---------- Extracted records ----------

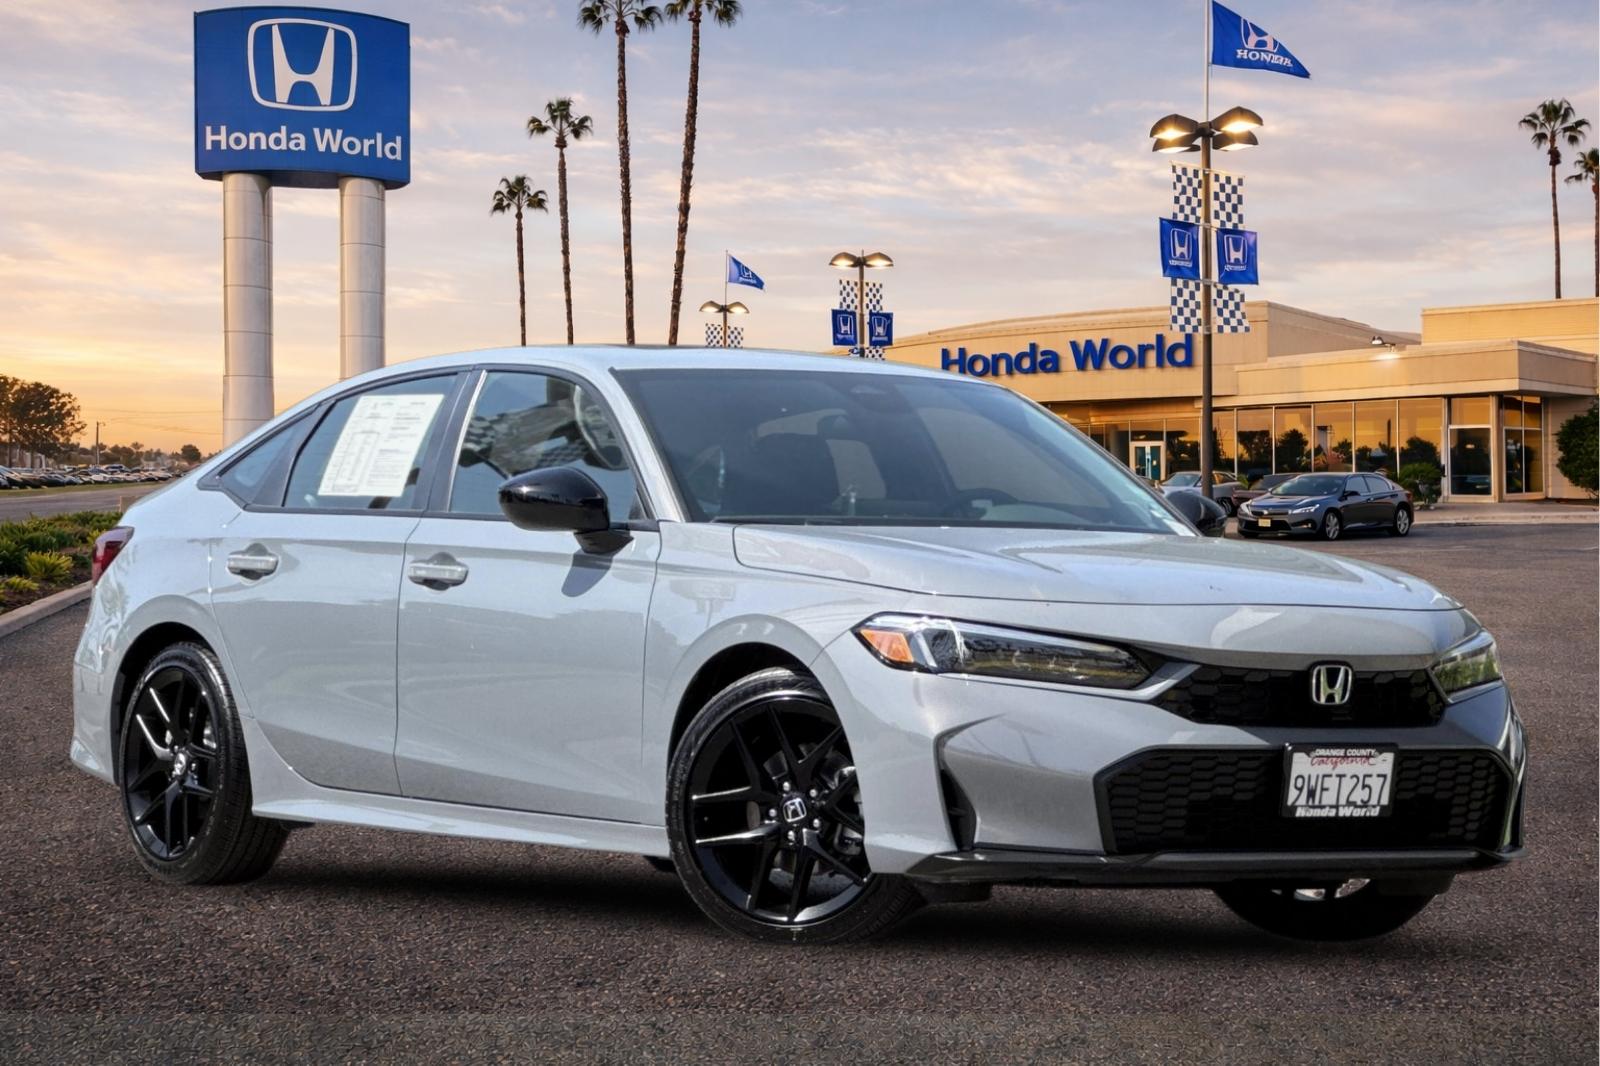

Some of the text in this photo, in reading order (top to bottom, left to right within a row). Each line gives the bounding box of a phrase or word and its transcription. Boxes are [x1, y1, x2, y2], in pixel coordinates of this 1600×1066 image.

[205, 125, 402, 161] Honda World
[941, 333, 1193, 377] Honda World
[1292, 773, 1388, 806] 9WFT257
[1295, 805, 1381, 818] Honda World
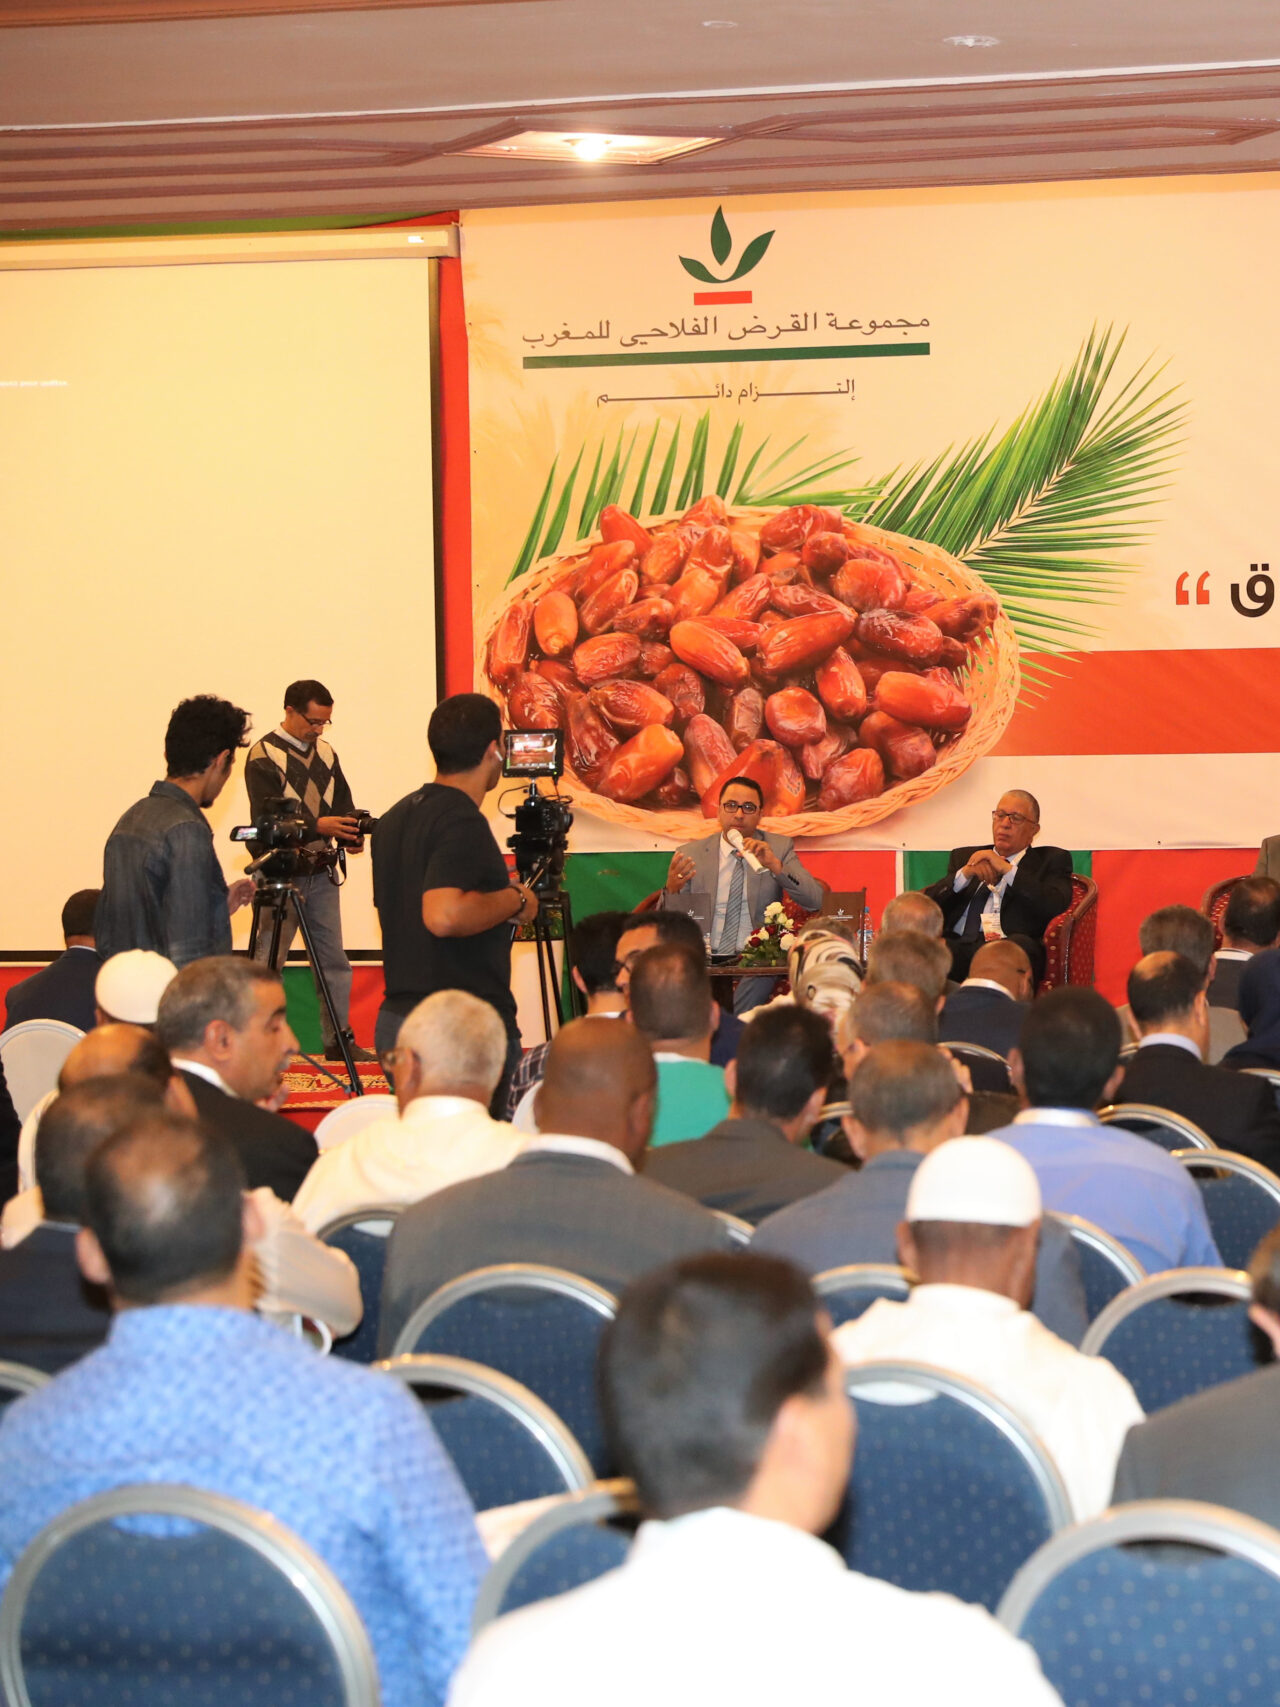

----------

Omit every picture while copying the listing above exactly.

Some of the text in this photo, in reading order (top to bottom, left to right within a row). Each line gives the bounding box of a phrase or word and its transcription. Boxes are [x1, y1, x2, y2], in pixel coordinates of this 1600×1066 image.

[205, 125, 402, 161] Honda World
[941, 333, 1193, 377] Honda World
[1292, 773, 1388, 806] 9WFT257
[1295, 805, 1381, 818] Honda World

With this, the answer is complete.